Instructions to follow:
Exactly reproduce the lines from the line that has "this 1600×1200 image." down to the last line of the entries, inclusive.

Entries provided:
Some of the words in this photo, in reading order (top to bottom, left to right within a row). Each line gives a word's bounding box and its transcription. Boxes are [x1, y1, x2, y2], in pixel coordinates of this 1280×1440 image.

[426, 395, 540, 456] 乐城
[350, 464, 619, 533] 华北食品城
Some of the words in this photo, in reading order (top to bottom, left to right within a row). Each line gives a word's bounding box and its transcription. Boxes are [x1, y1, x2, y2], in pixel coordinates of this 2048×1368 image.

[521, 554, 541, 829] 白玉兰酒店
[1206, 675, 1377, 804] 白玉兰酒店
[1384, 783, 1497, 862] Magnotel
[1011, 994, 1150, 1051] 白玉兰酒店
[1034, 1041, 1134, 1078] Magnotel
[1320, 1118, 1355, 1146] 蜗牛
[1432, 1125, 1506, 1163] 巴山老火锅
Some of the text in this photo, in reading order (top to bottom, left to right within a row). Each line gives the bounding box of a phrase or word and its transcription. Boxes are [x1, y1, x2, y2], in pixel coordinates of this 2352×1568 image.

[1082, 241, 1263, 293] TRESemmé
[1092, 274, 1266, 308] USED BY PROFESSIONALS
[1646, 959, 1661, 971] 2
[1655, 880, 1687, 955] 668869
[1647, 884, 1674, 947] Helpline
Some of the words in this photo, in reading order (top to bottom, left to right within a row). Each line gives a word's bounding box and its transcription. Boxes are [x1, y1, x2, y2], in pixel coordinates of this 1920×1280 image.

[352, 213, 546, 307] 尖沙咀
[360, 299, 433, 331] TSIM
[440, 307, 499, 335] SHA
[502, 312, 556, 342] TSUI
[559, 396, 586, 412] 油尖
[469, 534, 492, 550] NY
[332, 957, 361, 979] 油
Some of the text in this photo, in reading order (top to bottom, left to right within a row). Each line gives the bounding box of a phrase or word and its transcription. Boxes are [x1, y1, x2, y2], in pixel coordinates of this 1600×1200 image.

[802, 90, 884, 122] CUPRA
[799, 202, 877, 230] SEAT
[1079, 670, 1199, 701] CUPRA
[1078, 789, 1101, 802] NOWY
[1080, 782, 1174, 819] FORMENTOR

Solution for this exercise:
Some of the text in this photo, in reading order (top to bottom, left to right within a row). Each line gives the bounding box of a phrase or word and its transcription. Boxes are [x1, y1, x2, y2], in pixel coordinates of this 1600×1200 image.

[802, 90, 884, 122] CUPRA
[799, 202, 877, 230] SEAT
[1079, 670, 1199, 701] CUPRA
[1078, 789, 1101, 802] NOWY
[1080, 782, 1174, 819] FORMENTOR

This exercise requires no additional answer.